Jul 24, 2006 21:00
Dedication is a remarkable thing. For those who possess it, any other way of life is entirely foreign to them. The concept of procrastination utterly alien. But for those who lack it, life is an interminable series of flickering deadlines and pointless wastes of time. It's interesting, because both people exist solely in the spaces between completing a task and starting the next one, but in a much different way. The ant is the one who cannot stand to be idle and so focusses on the completion of a job for the sole purpose of starting the next, whereas the grasshopper cannot stand to be industrious, and so whiles away his time in the middle of a task, dreading both the inevitable conclusion and the presence of a new task to replace the old.
Society teaches us to aspire to the ant's diligence while shunning the negligence of the grasshopper. Indeed, the stakes of this ideological struggle is life and death itself, which we see when the noble ant, who has spent all summer amassing a great deal of food, is prepared for the barren wastes of winter. The grasshopper, on the other hand, who spent his time on anything but the job at hand, finds himself in a dire situation. An interesting method of testing which side of the fence one's parents are on is to see whether the version of the story they use ends in the ant generously sharing his hard-earned food, or the frozen corpse of the starved grasshopper.
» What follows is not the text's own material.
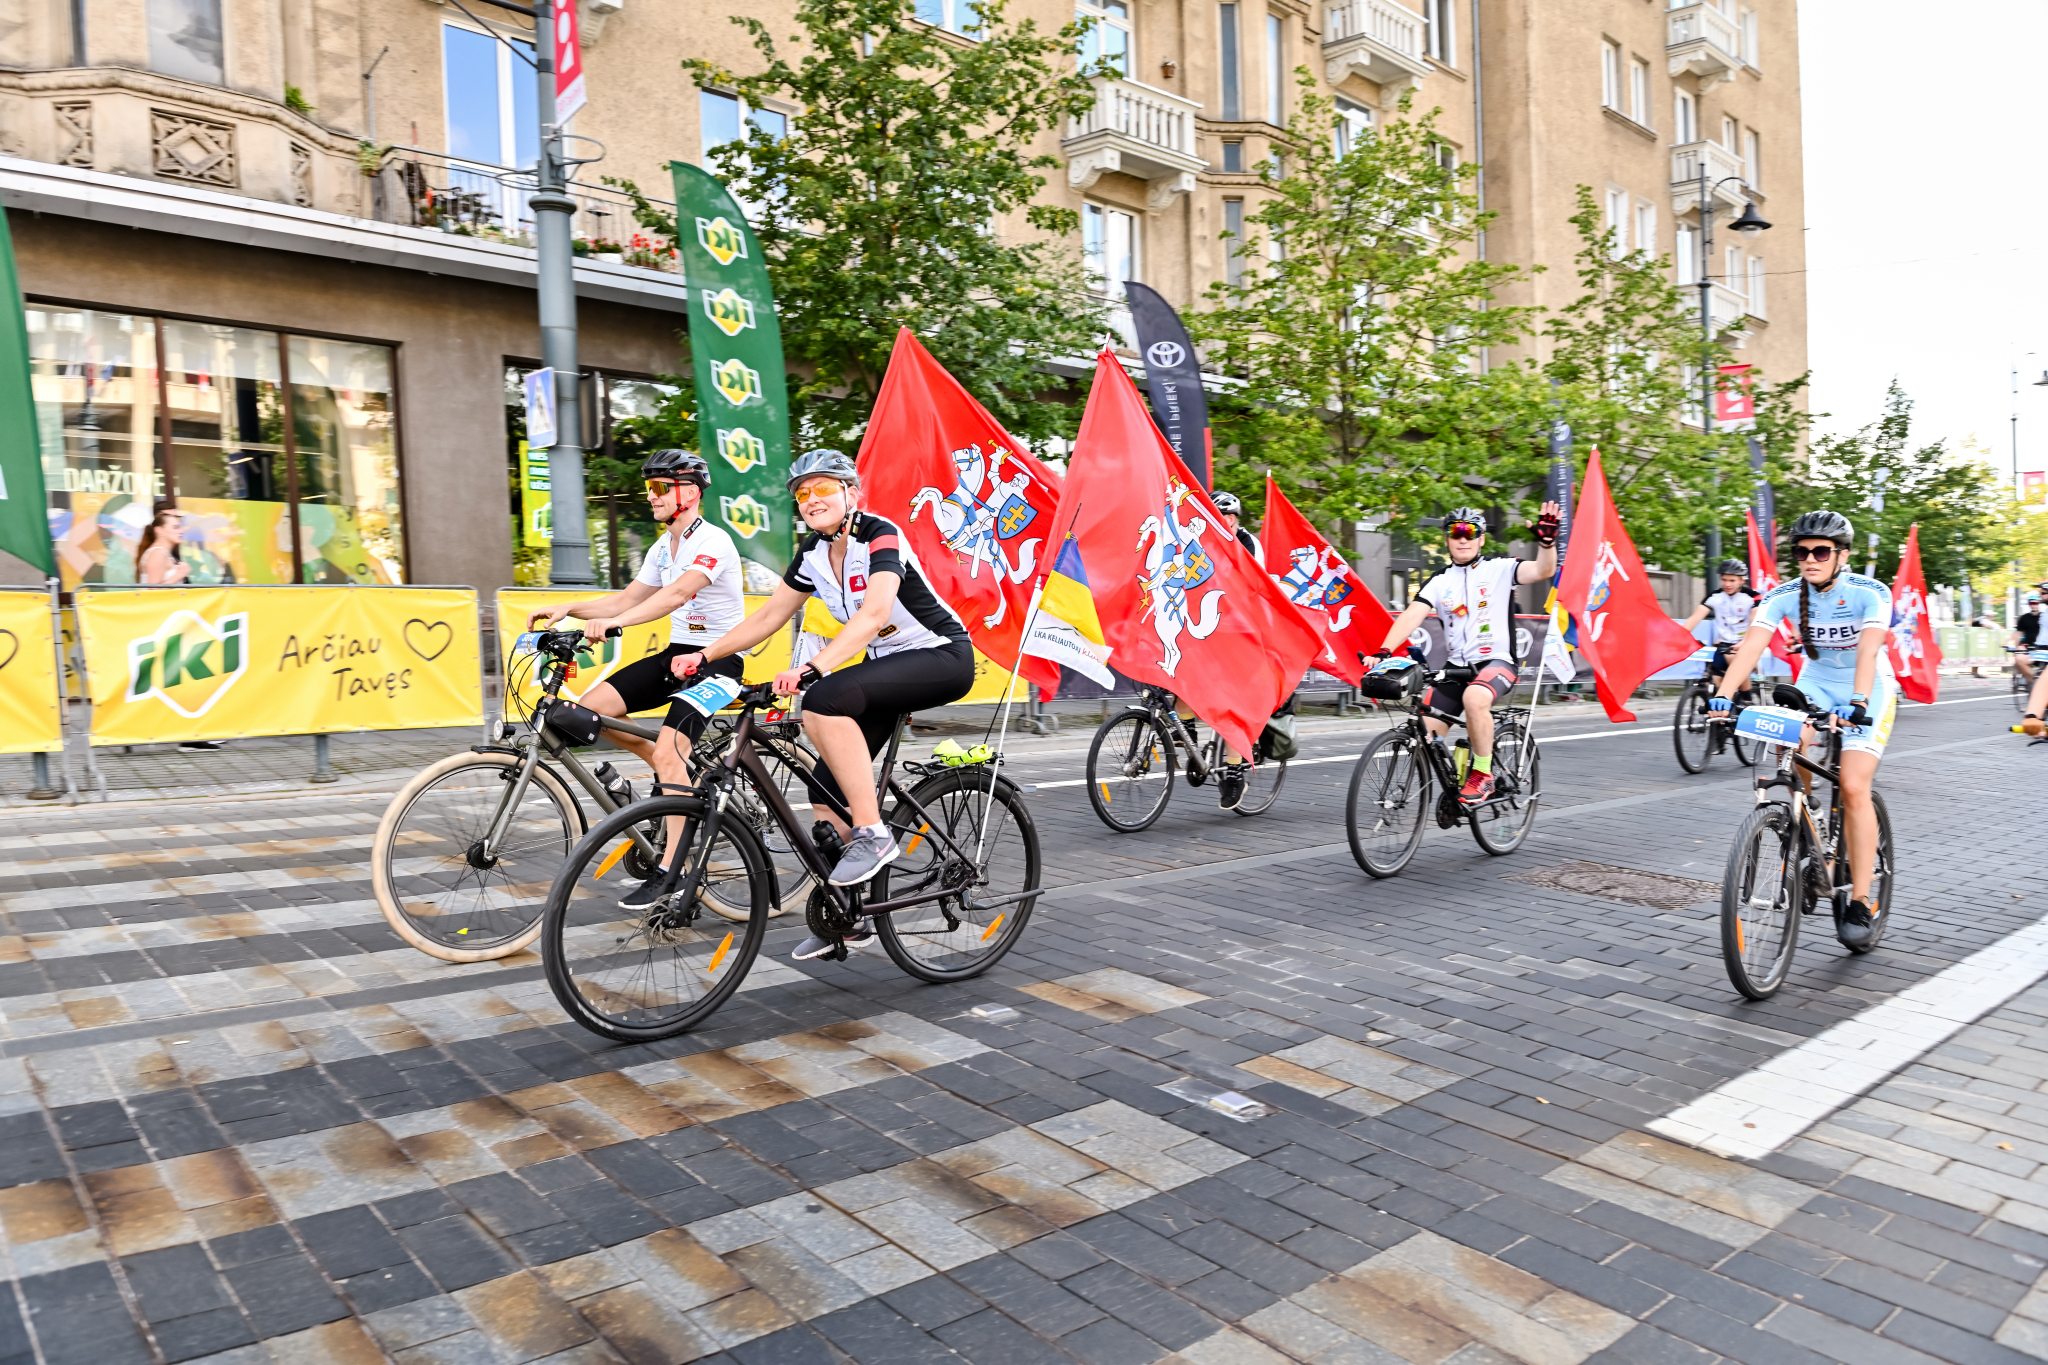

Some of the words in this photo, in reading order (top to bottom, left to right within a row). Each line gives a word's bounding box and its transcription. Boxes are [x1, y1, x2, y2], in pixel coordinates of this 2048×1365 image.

If it is the latter, I tend to think that the ant has blood on his hands, since the grasshopper was both his friend and his neighbour. Regardless of one's moral convictions, letting one's neighbour starve is still bad karma. Another, perhaps more pressing, concern is the solitary life led by the ant. Where is his colony? Where is his fealty to his Queen? How is he able to withhold such a wealth of food and not share it with his brother-drones? Why has his neighbour, the grasshopper, not turned him in to the proper authorities and quietly seized his assets on the side?
And there we see the true downfall of dedication. Sooner or later, you wind up more dedicated to the job than your friends, and then your friends rat you out to the ant-SS and then eat all your food.